Exercise aim:
Only the pictures are to be left out, and the rest of the entries should be reproduced exactly.

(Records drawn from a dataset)
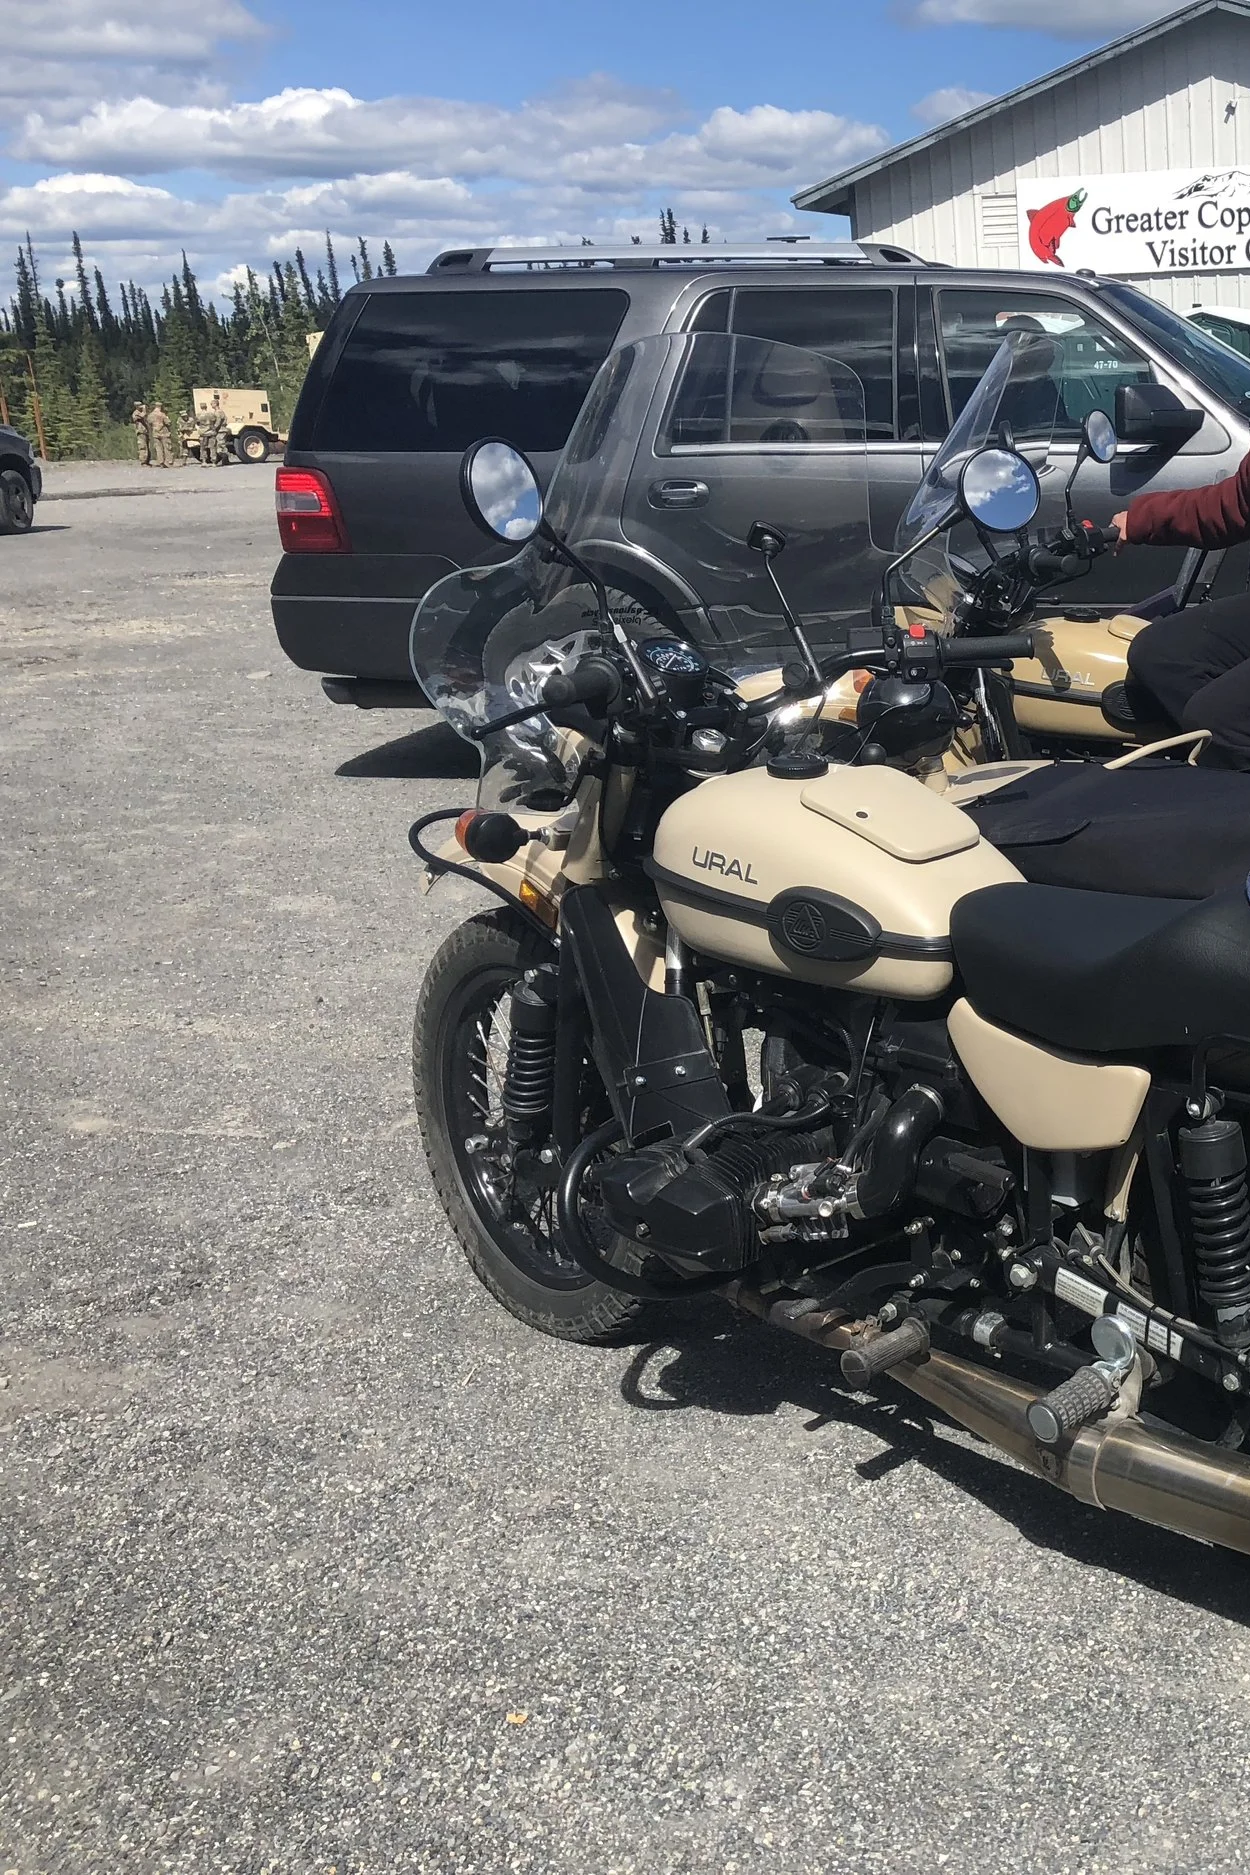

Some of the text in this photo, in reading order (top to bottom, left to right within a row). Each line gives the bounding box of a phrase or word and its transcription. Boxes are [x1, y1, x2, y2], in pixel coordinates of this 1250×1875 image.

[1091, 206, 1190, 235] Greater
[1145, 238, 1237, 268] Visitor
[1041, 668, 1095, 686] URAL
[691, 846, 758, 885] URAL
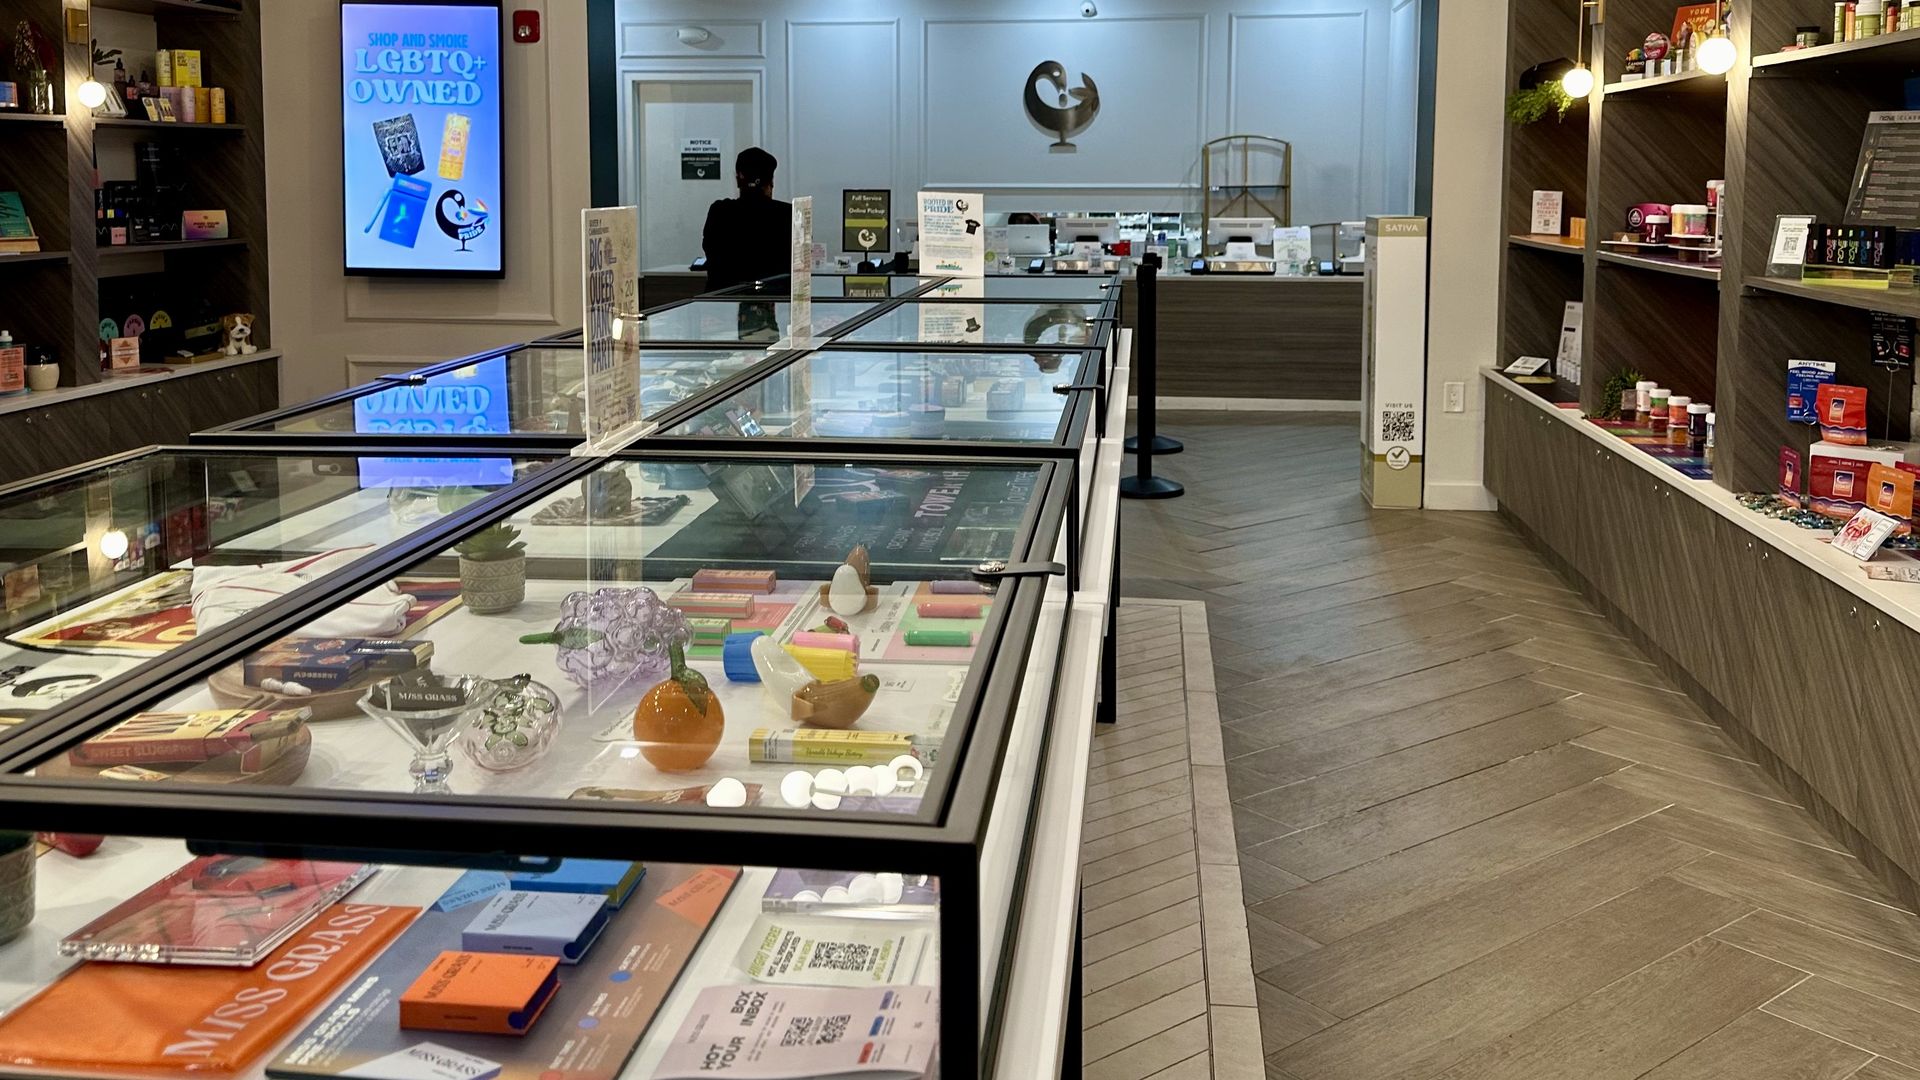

Response:
Some of the text in this photo, in reading order (top to bottom, left to right within a row). Each line gives the bounding box of a phrase or word and its transcription. Boxes are [x1, y1, x2, y2], in pixel coordinates of this 1250×1875 image.

[1091, 206, 1190, 235] Greater
[1145, 238, 1237, 268] Visitor
[1041, 668, 1095, 686] URAL
[691, 846, 758, 885] URAL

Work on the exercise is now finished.